Sans surprise, le chef du Kremlin a refusé de rencontrer Volodymyr Zelensky ce 15 mai 2025 à Istanbul. Les deux hommes, homologues depuis six ans, ne se connaissent en réalité que comme belligérants.
Une première rencontre à Paris en 2019
Paris, 9 décembre 2019. Un jeune président, élu depuis quelques mois, fait son entrée dans les salons dorés de l’Élysée. Derrière lui, la chancelière allemande Angela Merkel, le président français Emmanuel Macron et le chef du Kremlin, l’indévissable Vladimir Poutine. Volodymyr Zelensky garde sur les lèvres un sourire presque mutin. Il sonde la pièce, contourne son homologue russe et va prendre sa place dans un pas précipité à droite d’Emmanuel Macron. De l’autre côté de la table, Vladimir Poutine, visage fermé, marche et s’assied lentement sur son siège.

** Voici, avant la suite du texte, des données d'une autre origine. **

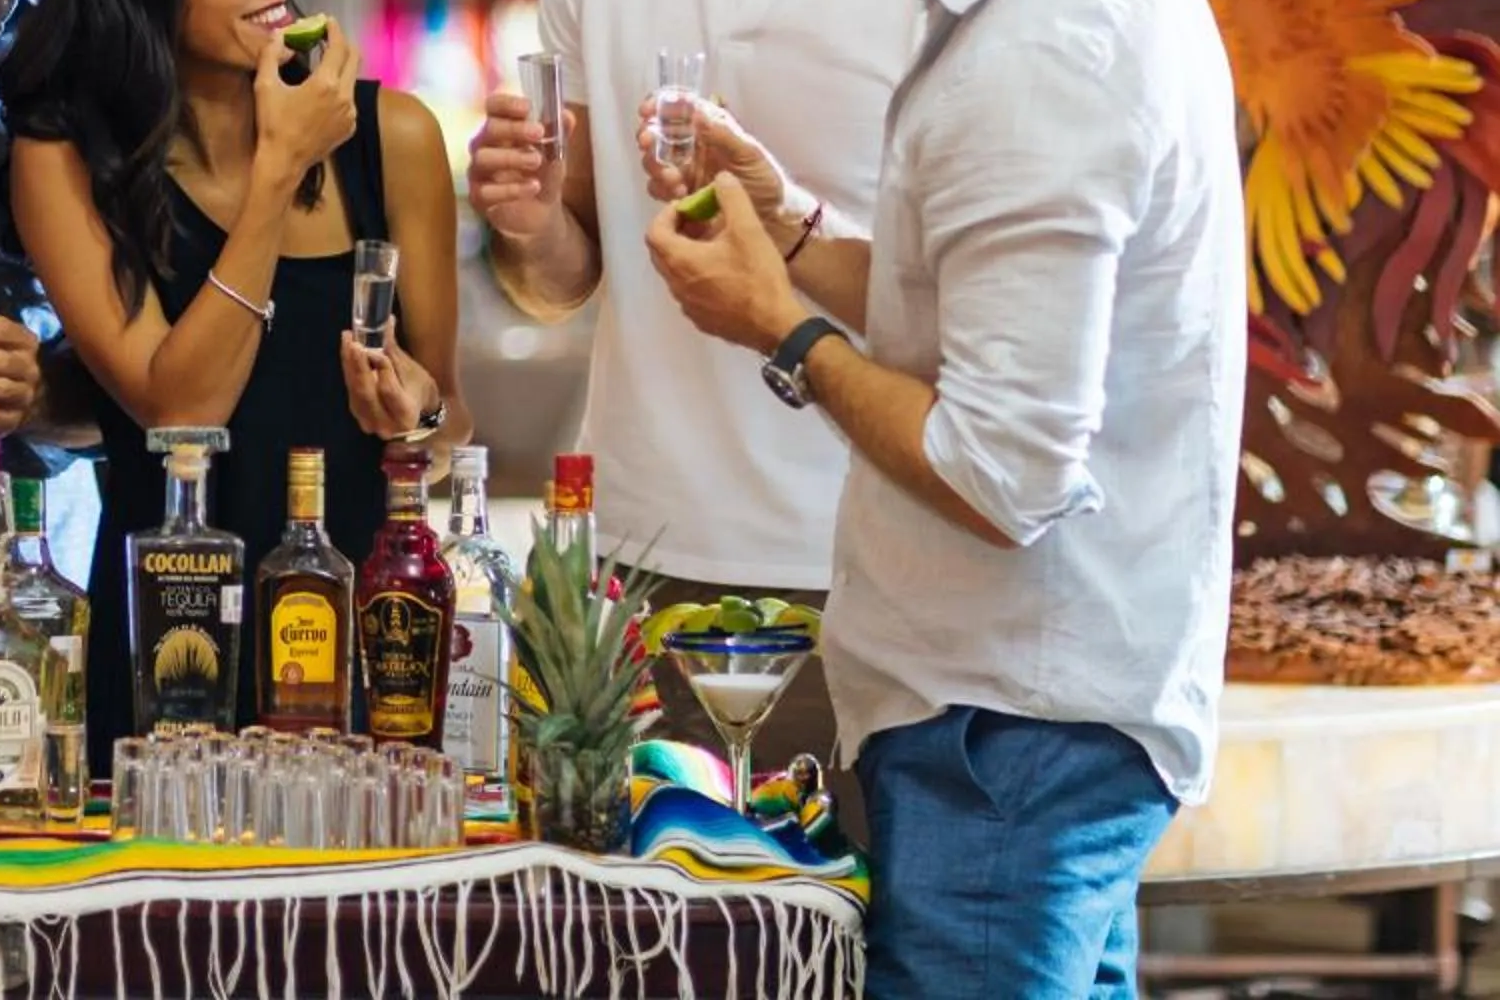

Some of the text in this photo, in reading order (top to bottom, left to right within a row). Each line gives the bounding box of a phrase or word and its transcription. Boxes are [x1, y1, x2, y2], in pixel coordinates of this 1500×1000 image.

[145, 553, 232, 574] COCOLLAN
[161, 591, 217, 609] TEQUILA
[280, 624, 327, 645] Cuervo
[449, 680, 492, 698] ndain
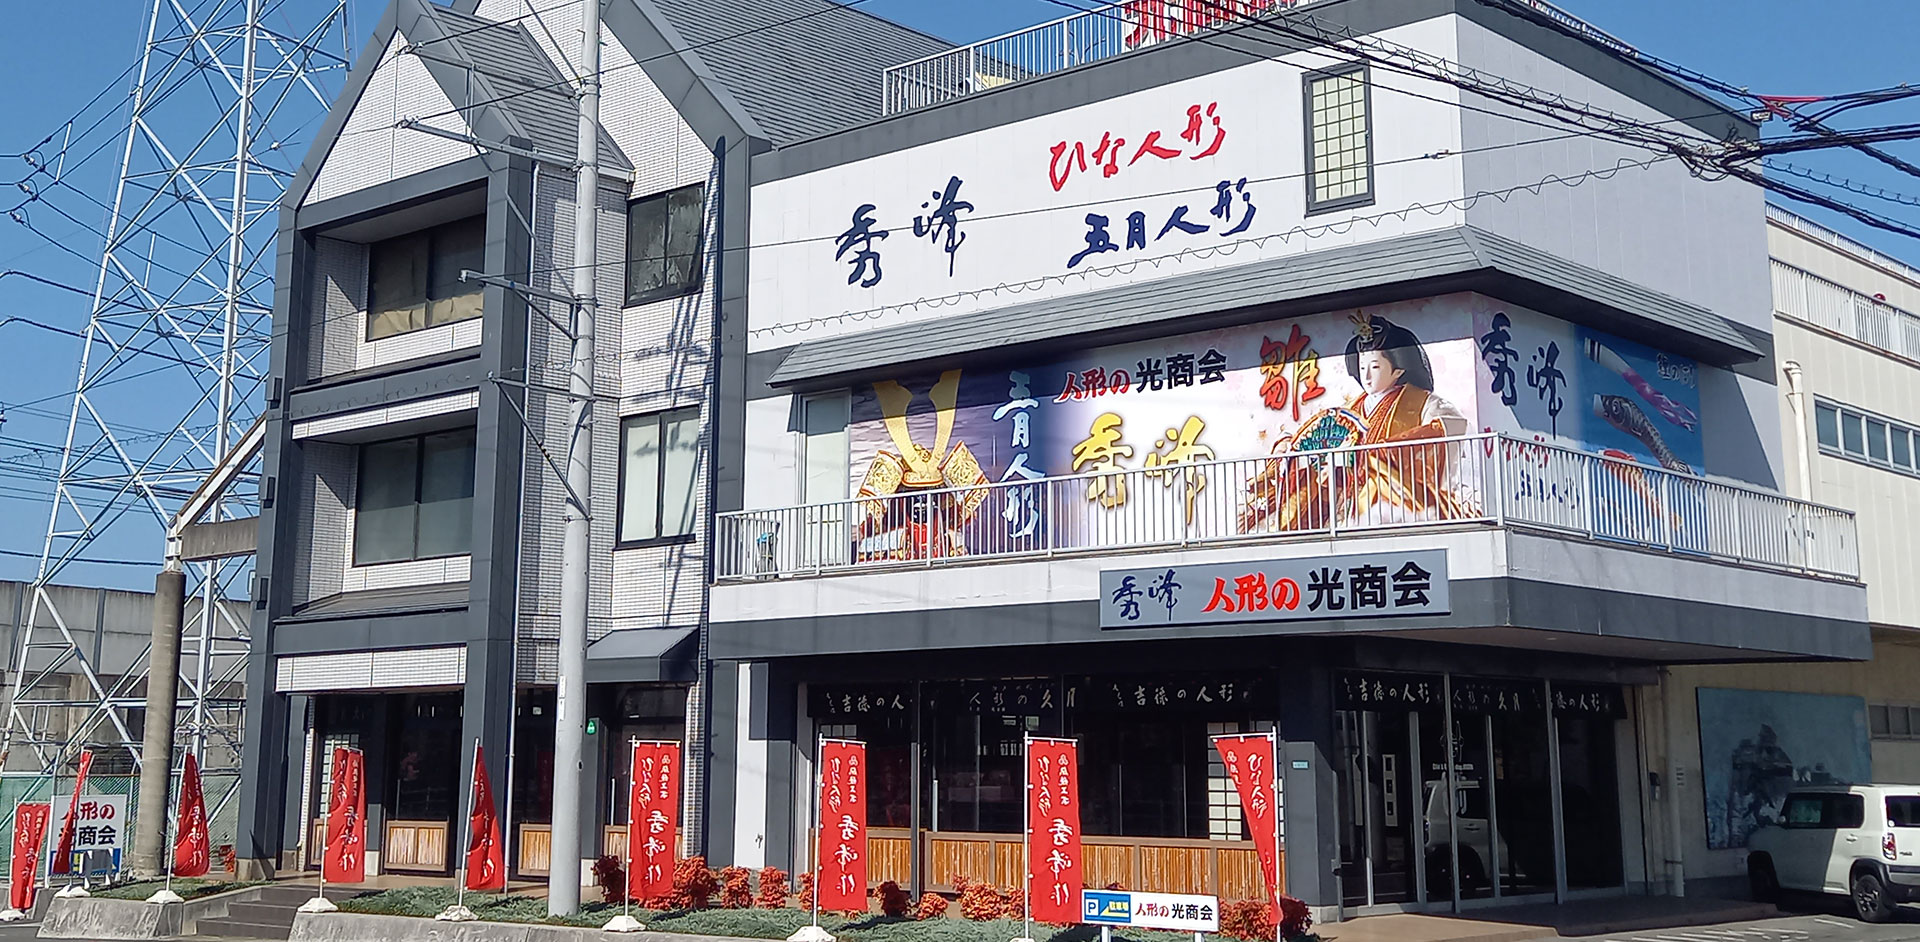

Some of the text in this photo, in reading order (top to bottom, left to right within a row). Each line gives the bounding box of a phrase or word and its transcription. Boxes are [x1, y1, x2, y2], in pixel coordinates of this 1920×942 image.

Dans le cadre d’un format Normandie – qui tire son nom de l’anniversaire du Débarquement célébré par les quatre alliés réunis – c’est la première fois que Zelensky rencontre Poutine. Et déjà, estime l’historienne et rédactrice en chef du média Desk Russie, Galia Ackerman, le chef du Kremlin « pensait à sa future conquête de l’Ukraine ». En réalité, les deux homologues ne se sont toujours connus que comme des belligérants : jamais ils n’ont été en paix.
Six ans de guerre
La guerre en Ukraine, lancée par l’invasion russe en 2022, a atteint de telles proportions qu’elle fait parfois de l’ombre aux conflits antérieurs qui ont divisé l’Ukraine et la Russie. C’est tout juste si on se souvient de la guerre autour de l’annexion de la Crimée. En réalité depuis onze ans, la Russie est présente sur le territoire ukrainien. D’abord avec la Crimée, territoire qu’elle a envahi avec le soutien de séparatistes pro russes. Puis avec le Donbass, qui a subi une invasion à partir de 2014.

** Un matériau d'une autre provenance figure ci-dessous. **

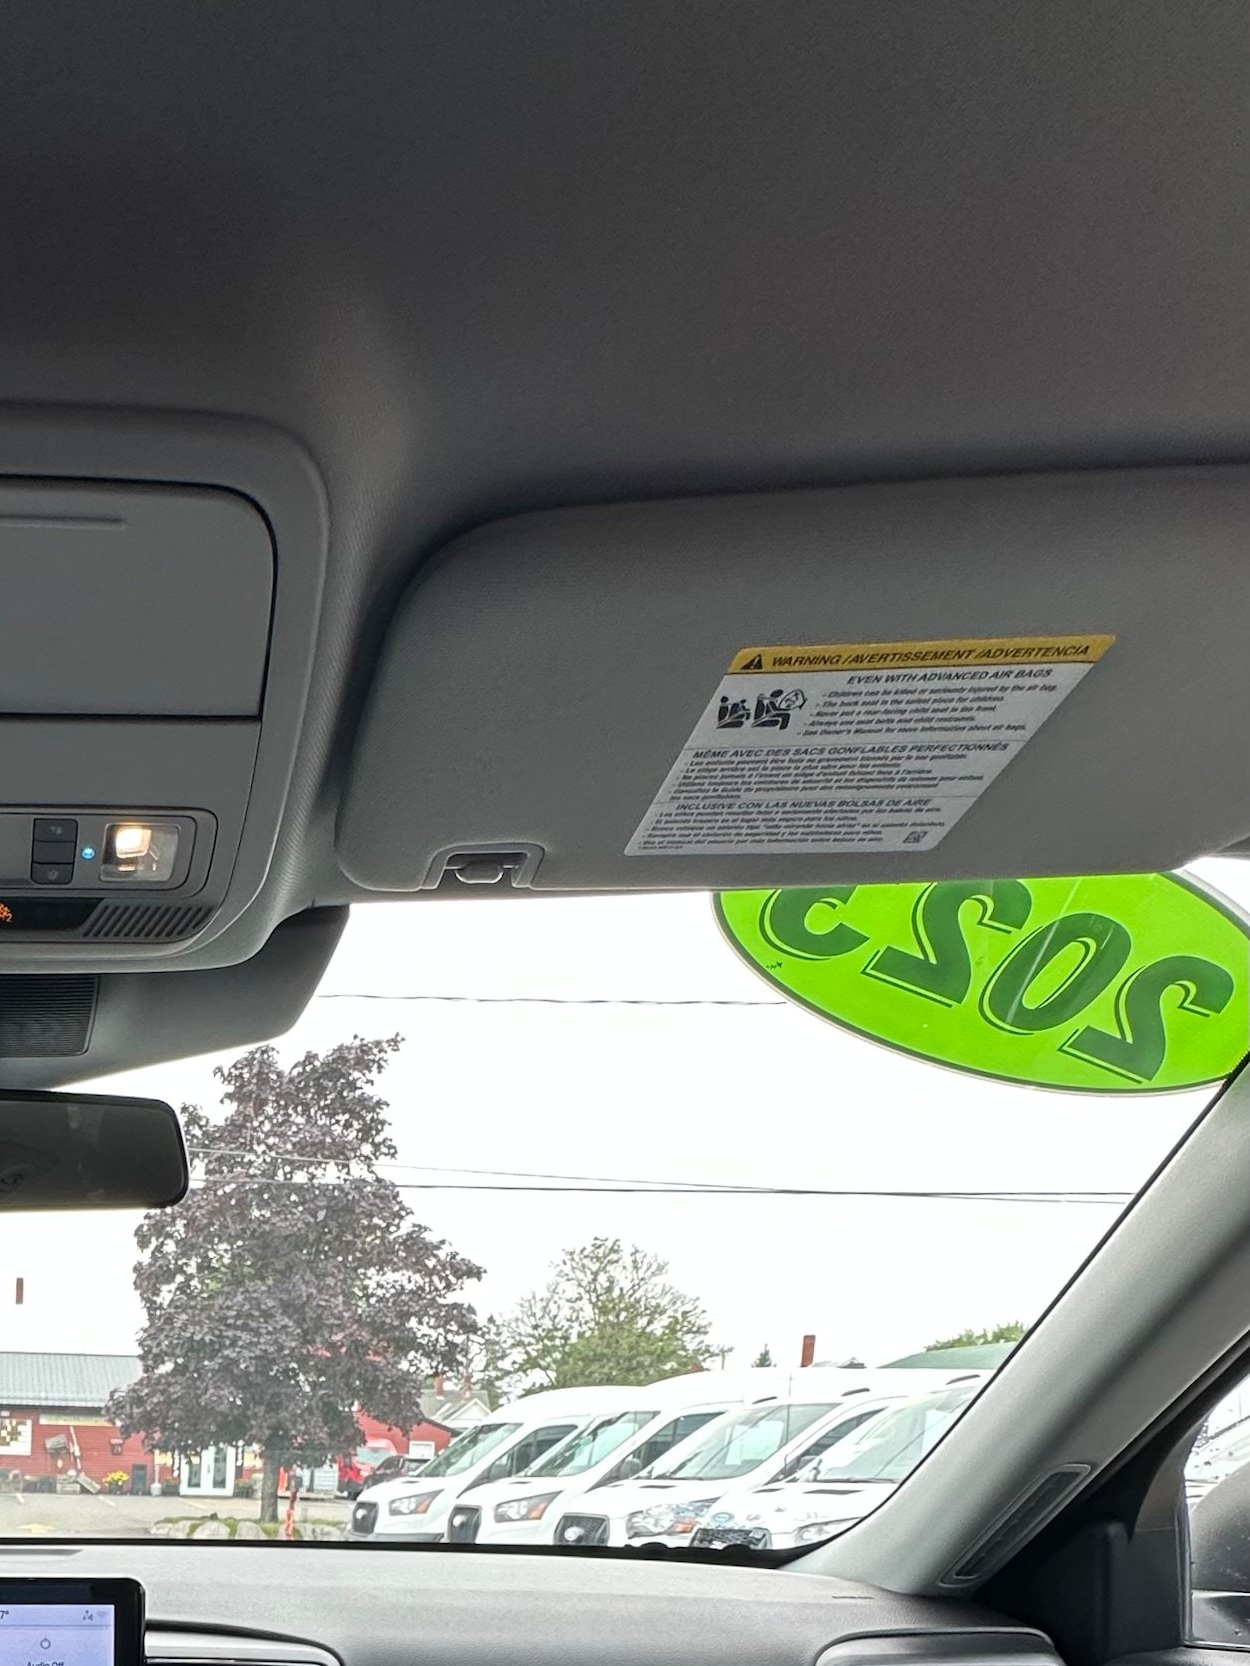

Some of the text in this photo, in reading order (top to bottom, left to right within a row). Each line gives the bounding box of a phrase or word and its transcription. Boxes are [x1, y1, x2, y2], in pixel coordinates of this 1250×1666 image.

Aussi, lors de cette première et dernière rencontre à Paris, les deux pays sont déjà en guerre. Et Zelensky, élu quelques mois plus tôt, pense peut-être naïvement que le format Normandie permettra d’aboutir à un accord avec le maître du Kremlin. « Il avait son programme, il pensait qu’il pourrait s’entendre avec Poutine sur le Donbass. » En réalité, il n’avait aucune chance. « Il n’y avait pas de relations ou de perspective de relations entre Poutine et Zelensky. La rencontre a été très formelle, très courte. »
Déjà qu’à l’époque il était difficile de les voir s’entendre… Imaginez aujourd’hui : « Tout a changé depuis 2019. Il n’y a eu aucune communication directe et les relations sont notoirement mauvaises parce que Poutine a tout fait pour renverser Zelensky. » Depuis aussi, le chef de Kiev a pris en confiance, en maturité. De jeune acteur élu comme par miracle, il est devenu chef de guerre. Arrivé à l’Élysée avec un problème à résoudre, il est désormais face à une réalité dont il fait l’expérience : « Il accuse Poutine d’avoir commencé à mener cette guerre d’agression contre l’Ukraine, d’avoir tué ses concitoyens en grand nombre, d’avoir détruit son pays. Il n’y a pas de relation. Ce sont des belligérants. » Et uniquement ça.
Voué à l’échec
Pour ceux qui observent les deux hommes depuis six ans, cela ne fait aucun doute : « Je ne vois pas pourquoi Poutine se déplacerait en Turquie », analysait Galia Ackerman mardi soir. Et effectivement, deux heures plus tard, le chef du Kremlin confirmait qu’il ne viendrait pas. Pour l’experte de la Russie, une seule chose aurait pu convaincre Poutine de venir rencontrer Zelensky : la pression exercée par Trump. Le cas échéant, « les positions sont tellement éloignées que je ne vois pas ce qu’ils peuvent décider ».
La guerre en Ukraine est dans l’impasse. Le Kremlin en veut trop, et il n’est plus confronté à un jeune chef d’État mais à un Zelensky rodé, fier et protecteur, qui ne veut plus céder. Le seul terrain d’entente entre les belligérants est l’échange de prisonniers. Quant à la perspective de participation d’autres pays dans des discussions, comme ça avait été le cas avec le format Normandie, elle s’éloigne. « Je pense que les dirigeants européens ne voudront même pas rencontrer Poutine. » Et contrairement à 2019, tout le monde le sait. Non seulement le peu de relations qui existaient entre Poutine et Zelensky se sont dégradées, mais a fortiori plus personne ne veut avoir affaire au Kremlin.